Kelly Michael Halliburton (born January 17, 1971) is an American bassist and drummer. He has been involved in bands including Pierced Arrows, Dead Moon, Detestation, Defiance, and Jenny Don't and the Spurs.

==Musical career==
Kelly Halliburton began his musical career in the late '80s in Portland, Oregon, joining several bands associated with the anarcho-punk scene, including Resist, Defiance, Deprived, and Detestation. His involvement reflected a dissatisfaction with the late-'80s Portland music scene, particularly the fusion of punk with heavy metal and funk metal

In 1992, Resist embarked on their first European tour.

In 1995 Halliburton founded Detestation, an American hardcore punk/crust band with female vocals. The band disbanded around 1998. Halliburton decided to settle in Germany at the conclusion of a European tour with band Detestation.

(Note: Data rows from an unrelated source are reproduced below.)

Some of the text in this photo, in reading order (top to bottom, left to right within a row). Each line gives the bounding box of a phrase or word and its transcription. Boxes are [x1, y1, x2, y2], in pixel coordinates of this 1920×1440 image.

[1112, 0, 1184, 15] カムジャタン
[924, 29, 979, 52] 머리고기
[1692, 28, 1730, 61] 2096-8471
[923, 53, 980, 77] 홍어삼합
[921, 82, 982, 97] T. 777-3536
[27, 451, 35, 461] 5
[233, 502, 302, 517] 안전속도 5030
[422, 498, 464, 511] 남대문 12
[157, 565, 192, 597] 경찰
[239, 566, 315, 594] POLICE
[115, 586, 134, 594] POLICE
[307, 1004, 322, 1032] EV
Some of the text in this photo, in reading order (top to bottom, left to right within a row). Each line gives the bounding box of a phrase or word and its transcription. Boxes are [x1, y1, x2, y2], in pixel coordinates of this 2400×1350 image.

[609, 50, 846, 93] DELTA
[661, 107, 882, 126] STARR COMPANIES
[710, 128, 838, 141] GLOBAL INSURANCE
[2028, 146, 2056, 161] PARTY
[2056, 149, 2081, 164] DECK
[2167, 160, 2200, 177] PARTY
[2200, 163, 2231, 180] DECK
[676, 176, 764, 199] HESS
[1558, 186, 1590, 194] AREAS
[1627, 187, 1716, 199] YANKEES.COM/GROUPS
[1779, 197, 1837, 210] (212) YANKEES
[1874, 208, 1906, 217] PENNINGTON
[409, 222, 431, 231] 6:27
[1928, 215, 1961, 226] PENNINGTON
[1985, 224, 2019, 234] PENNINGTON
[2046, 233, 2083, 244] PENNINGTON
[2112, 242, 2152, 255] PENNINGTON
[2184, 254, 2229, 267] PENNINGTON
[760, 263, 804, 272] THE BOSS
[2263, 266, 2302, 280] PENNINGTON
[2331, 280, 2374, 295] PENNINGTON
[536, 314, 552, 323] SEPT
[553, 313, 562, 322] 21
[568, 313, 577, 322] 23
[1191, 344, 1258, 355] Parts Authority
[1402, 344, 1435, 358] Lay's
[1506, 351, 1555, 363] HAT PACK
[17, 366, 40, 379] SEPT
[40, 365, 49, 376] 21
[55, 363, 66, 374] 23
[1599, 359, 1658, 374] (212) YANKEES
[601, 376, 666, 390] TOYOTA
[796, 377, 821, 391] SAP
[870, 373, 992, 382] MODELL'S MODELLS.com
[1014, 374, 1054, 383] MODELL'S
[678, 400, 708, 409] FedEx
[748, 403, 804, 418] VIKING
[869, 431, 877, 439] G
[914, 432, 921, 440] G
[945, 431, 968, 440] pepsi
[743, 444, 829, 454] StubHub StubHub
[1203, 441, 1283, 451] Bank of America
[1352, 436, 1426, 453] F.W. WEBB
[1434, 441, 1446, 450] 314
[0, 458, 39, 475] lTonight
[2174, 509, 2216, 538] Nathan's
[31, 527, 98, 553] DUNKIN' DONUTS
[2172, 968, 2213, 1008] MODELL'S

While living in Germany Halliburton joined Cluster Bomb Unit as a bass player, later transitioning to guitar, and also played drums in the German band Murder Disco X. His residency was primarily in Ludwigsburg during this period. Additionally, Halliburton was a member of the hardcore band Severed Head Of State. Despite the band members living in various places throughout the US, they frequently flew to meet each other for recording and touring.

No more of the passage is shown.